Любовь Александровна не посмела ослушаться совета. И Саша ушел с головой в свои занятия: без отдыха писал, играл часами на рояле, столь усердно работая педалями, что протирал подошвы на башмаках.
— Так и горят, горят подошвы! — вздыхала его наставница, зная, что выманить племянника в магазин на скучную примерку новой обуви невозможно, что опять придется брать несколько пар с собой, чтобы подбирать нужные ботинки дома.
Зато в лес он ходил с радостью, брал с собой нотную бумагу и карандаш, радовался, когда не встречал никого из посторонних: во время прогулки его посещало множество мыслей, которые хотелось записывать спокойно, чтобы никто не мешал.
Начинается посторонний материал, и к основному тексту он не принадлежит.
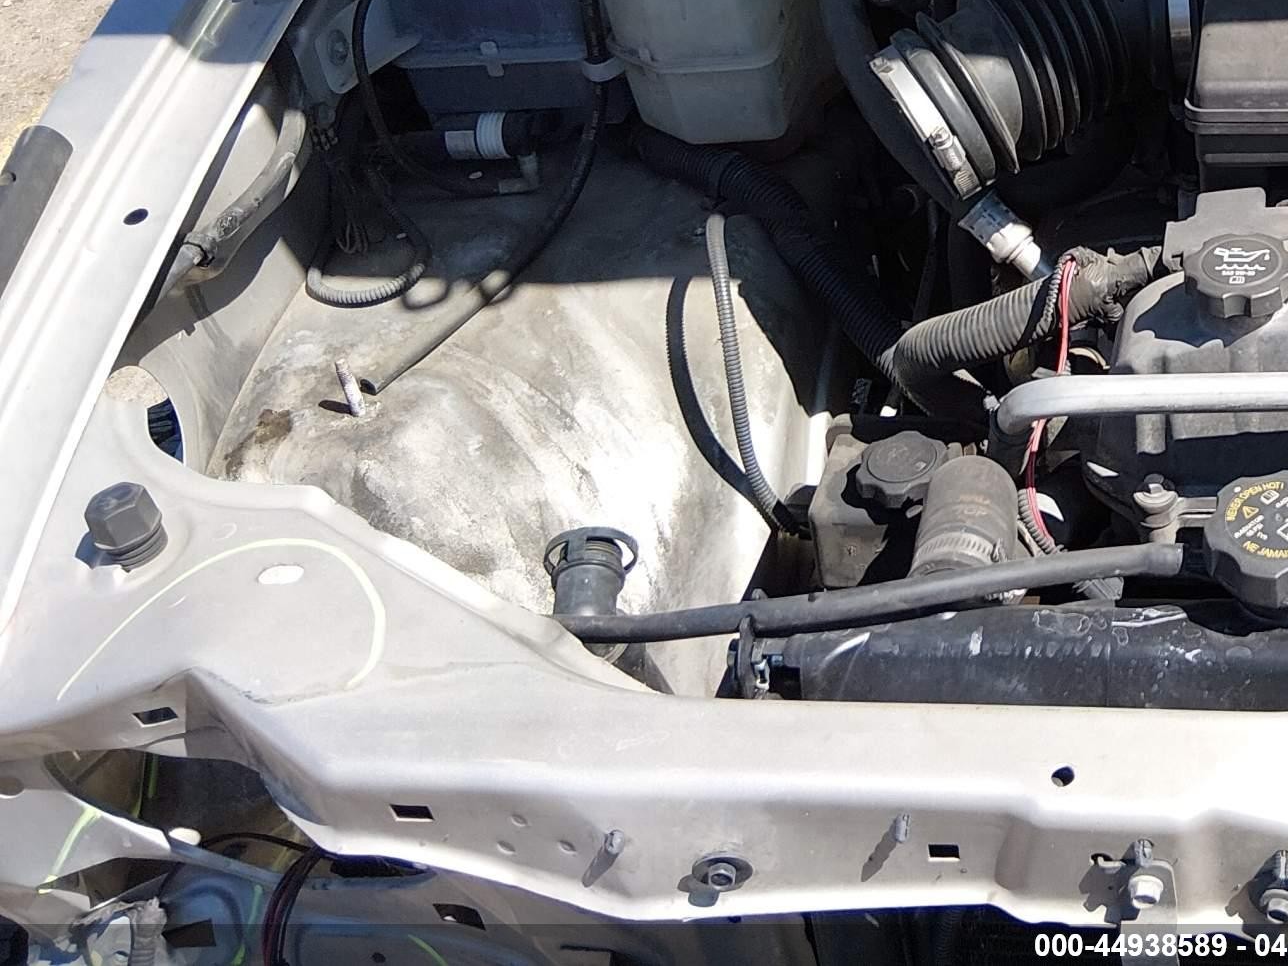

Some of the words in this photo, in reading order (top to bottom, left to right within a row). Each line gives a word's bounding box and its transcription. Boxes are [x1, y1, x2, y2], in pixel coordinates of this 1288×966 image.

[1239, 484, 1262, 501] OPEN
[1261, 481, 1284, 491] HOT!
[1242, 540, 1260, 553] NE
Его жизнь мало походила на жизнь детей: к девяти годам уже скопилось много написанного. Скрябин живет без товарищей, наедине со своими произведениями и новыми замыслами. Он не спит до поздней ночи, мысли не дают покоя, — просит, чтобы тетя или бабушки были рядом. Они беспокоятся о его здоровье, думают о том, как бы мальчика вернуть к нормальной жизни. То, что он будет музыкантом, в этом сомнений не было. Но когда Любовь Александровна спрашивает Сашу, где бы он хотел учиться, тот тоже не знает сомнений: в кадетском корпусе, как и дядя Митя.
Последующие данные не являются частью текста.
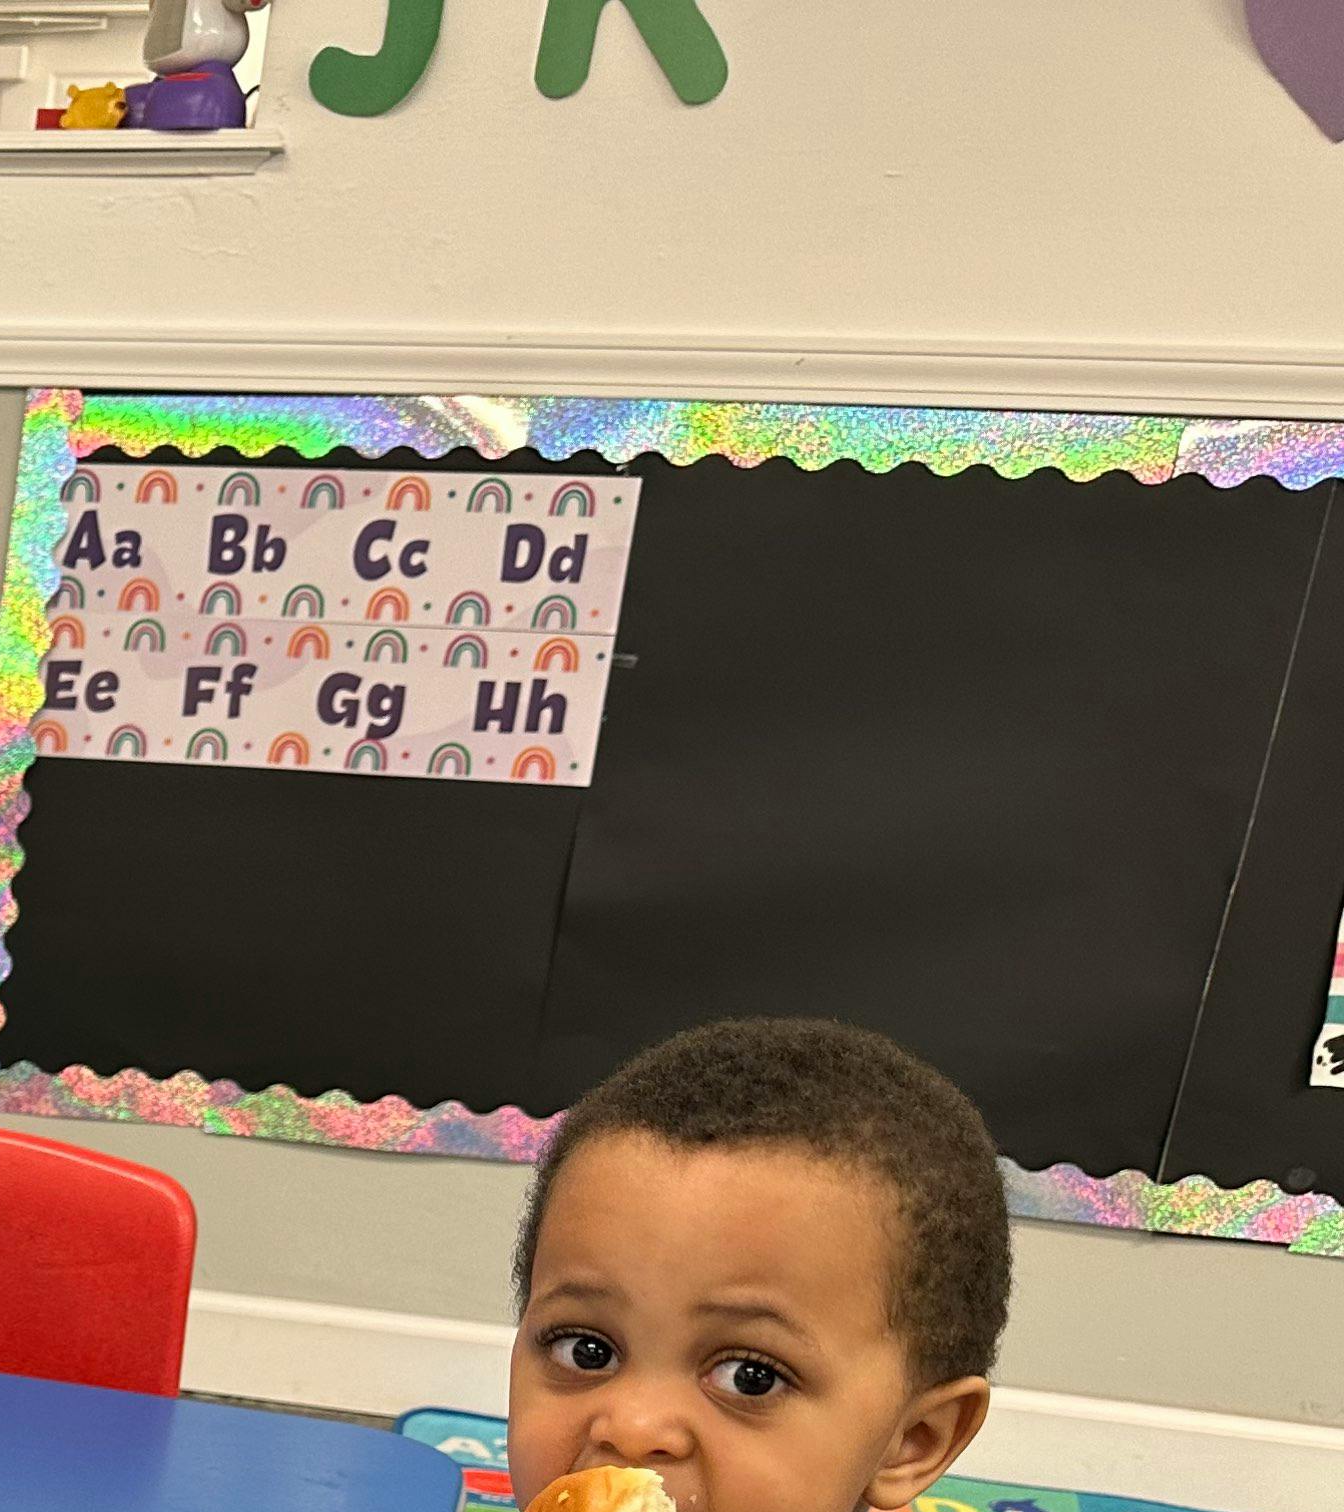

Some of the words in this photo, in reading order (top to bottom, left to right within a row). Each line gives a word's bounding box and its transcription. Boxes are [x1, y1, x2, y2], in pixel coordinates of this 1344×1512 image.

[63, 509, 143, 571] Aa
[208, 513, 288, 575] Bb
[353, 518, 431, 581] Cc
[501, 523, 589, 584] Dd
[45, 659, 120, 713] Ee
[182, 662, 258, 719] Ff
[317, 672, 407, 741] Gg
[473, 679, 569, 735] Hh
Любовь Александровна не стала приглашать на дом учителей. Для своего времени она и сама была неплохо образована: воспитывалась некогда в одном из лучших пансионов, занималась с братом литературой, потом три года посещала женские курсы при третьей классической гимназии. Их занятия с племянником идут размеренно и спокойно, — раза два или три в неделю Саша подходит к своей наставнице:
— Тетя, пойдем поучимся.
И они сидят часа четыре без перерыва. Схватывал он все без особого напряжения, быстро прошел всю программу. По вступительным оценкам оказался первым. В сущности, этот победный выход «в люди» маленького, нервного, кареглазого мальчугана-композитора и стал эпилогом его драматичного и необычного детства.